Spatial localization data:
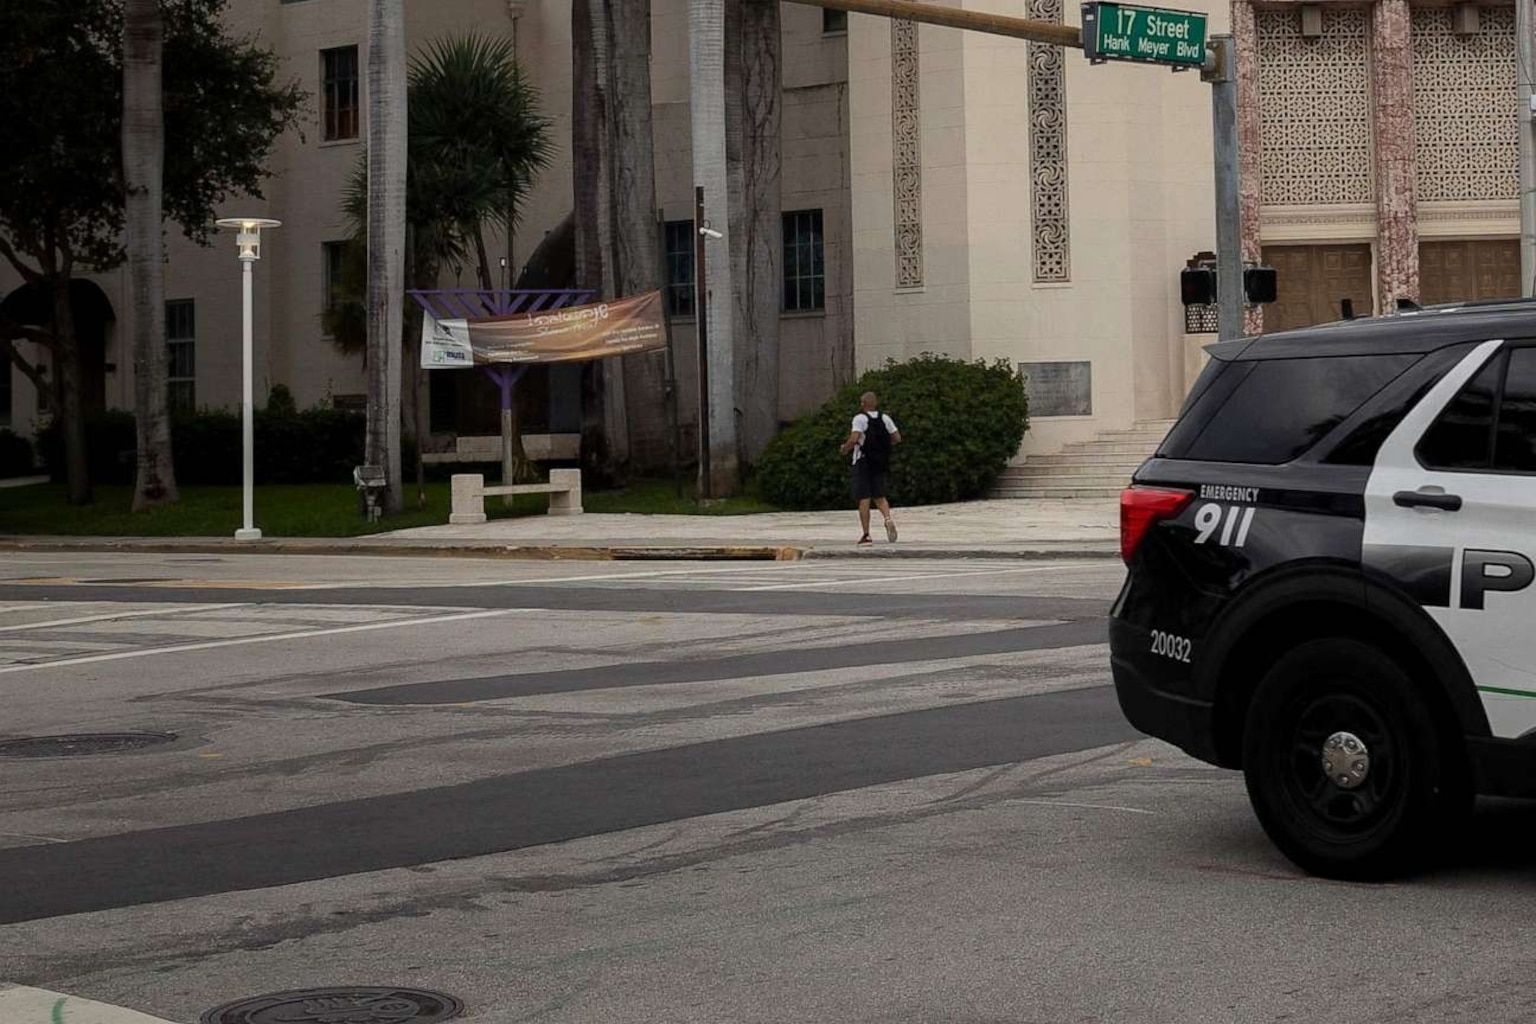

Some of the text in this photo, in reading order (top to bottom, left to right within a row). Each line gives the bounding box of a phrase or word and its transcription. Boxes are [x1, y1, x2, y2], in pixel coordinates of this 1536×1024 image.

[1116, 10, 1190, 40] 17 Street
[1103, 33, 1200, 59] Hank Meyer Blvd
[1200, 484, 1260, 503] EMERGENCY
[1193, 503, 1256, 548] 911
[1150, 629, 1192, 663] 20032
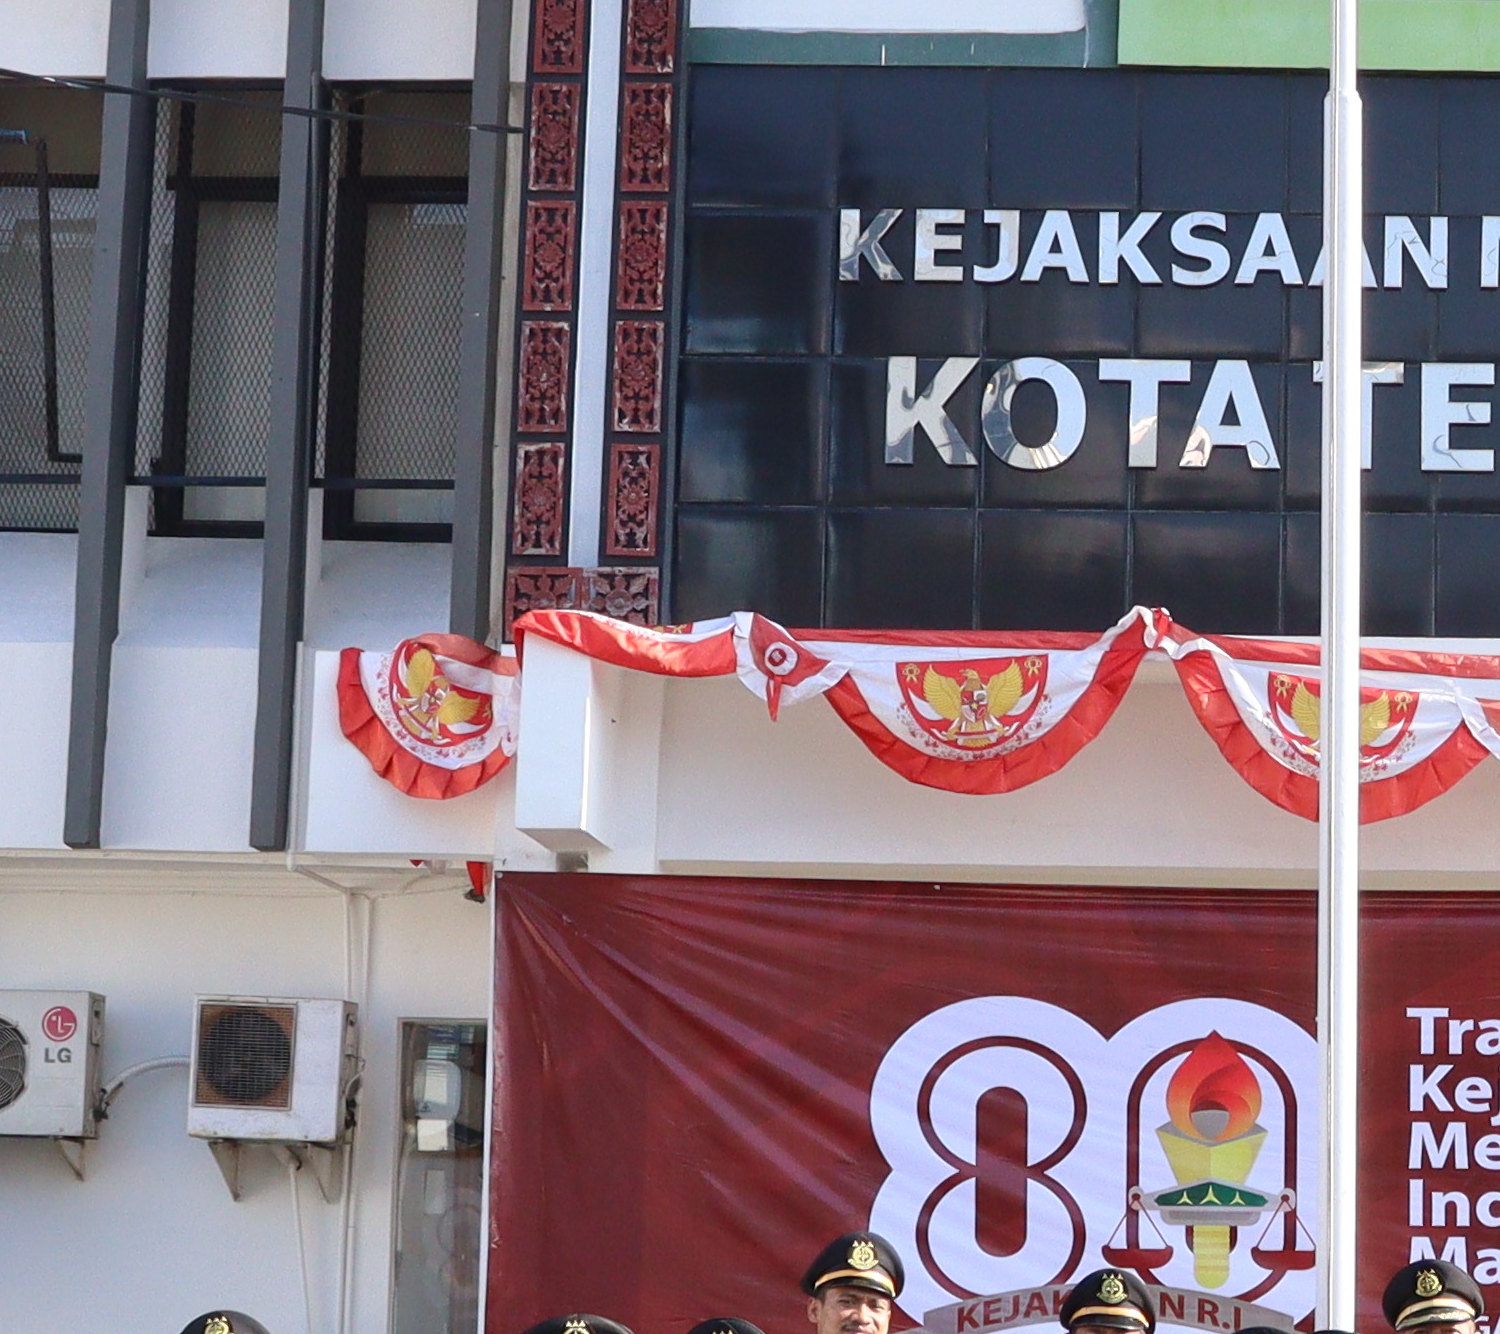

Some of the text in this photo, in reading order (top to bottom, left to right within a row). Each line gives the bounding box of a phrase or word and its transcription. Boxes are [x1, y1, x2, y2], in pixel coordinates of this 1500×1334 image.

[884, 356, 1281, 470] KOTA
[44, 1048, 73, 1064] LG
[956, 1289, 1185, 1334] KEJAKN
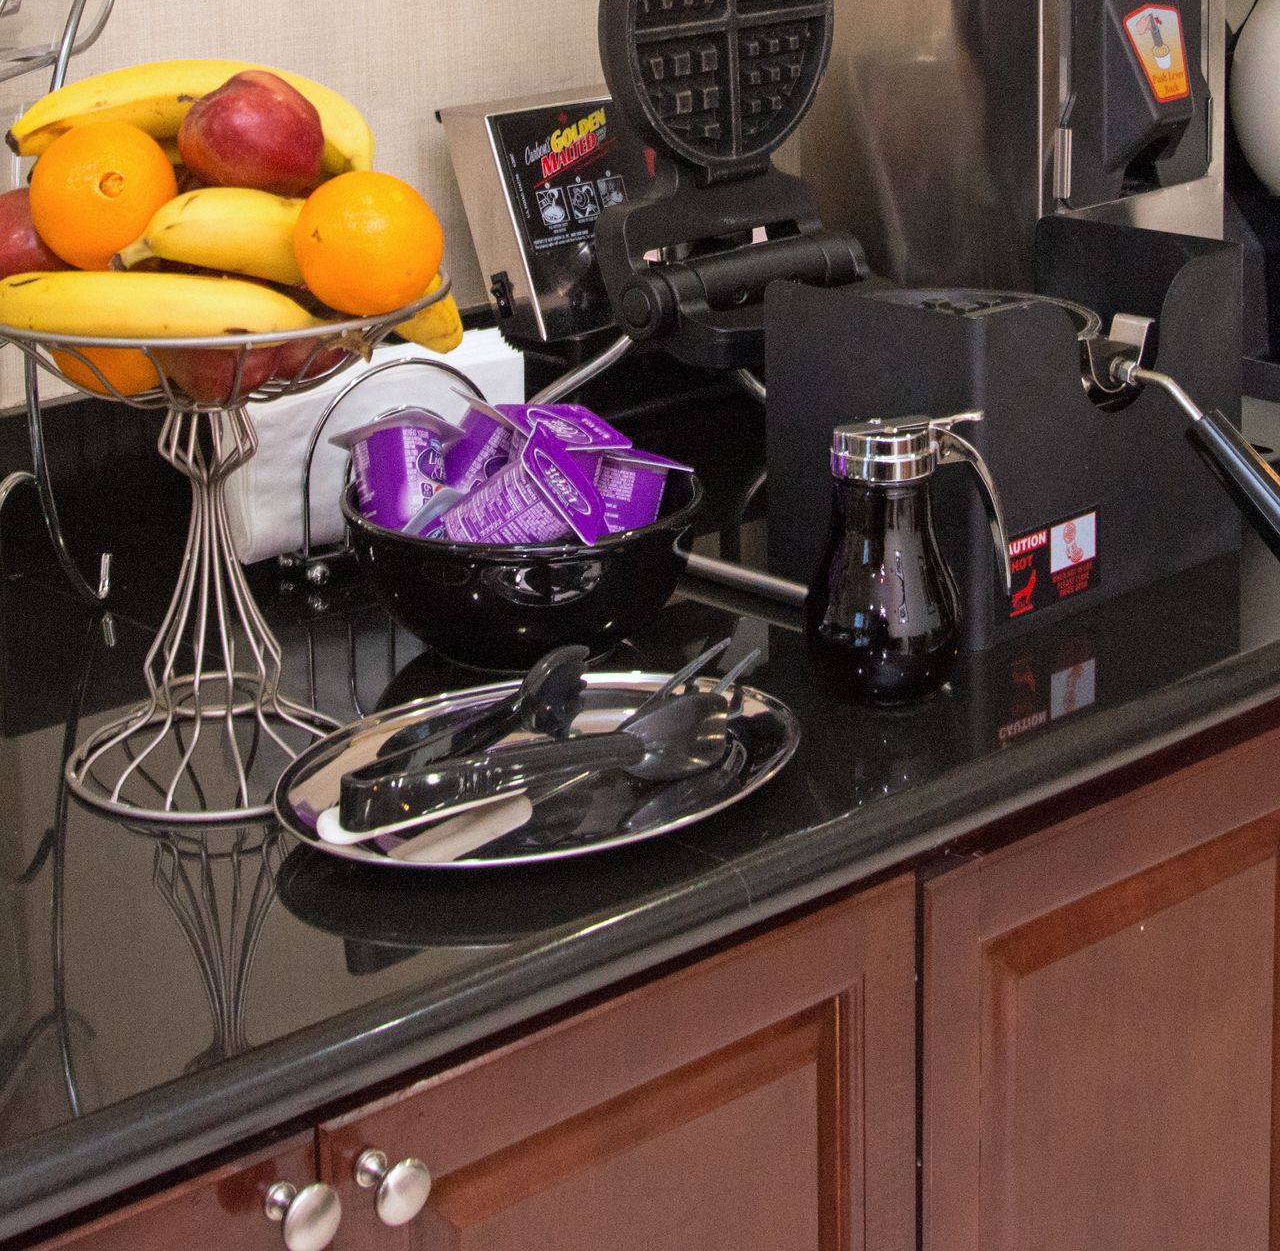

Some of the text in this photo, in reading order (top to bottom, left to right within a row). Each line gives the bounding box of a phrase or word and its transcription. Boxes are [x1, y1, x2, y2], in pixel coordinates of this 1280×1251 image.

[550, 107, 607, 153] GOLDEN
[540, 132, 597, 179] MALTED
[1009, 531, 1047, 556] AUTION
[1011, 554, 1033, 574] HOT

* _WHAT THE TASK REQUIRES_
In the records above, find the line containing "this 1500×1334 image." and restate it and every line after it word for word, all pictures excluded.

* _ANSWER TO THIS PROBLEM_
Some of the text in this photo, in reading order (top to bottom, left to right within a row). Each line gives the bounding box of a phrase or word and its transcription. Boxes are [x1, y1, x2, y2], in pixel coordinates of this 1500×1334 image.

[884, 356, 1281, 470] KOTA
[44, 1048, 73, 1064] LG
[956, 1289, 1185, 1334] KEJAKN

Some of the text in this photo, in reading order (top to bottom, left to right within a row). Each line gives the bounding box of a phrase or word and its transcription. Boxes are [x1, y1, x2, y2], in pixel coordinates of this 1280×1251 image.

[550, 107, 607, 153] GOLDEN
[540, 132, 597, 179] MALTED
[1009, 531, 1047, 556] AUTION
[1011, 554, 1033, 574] HOT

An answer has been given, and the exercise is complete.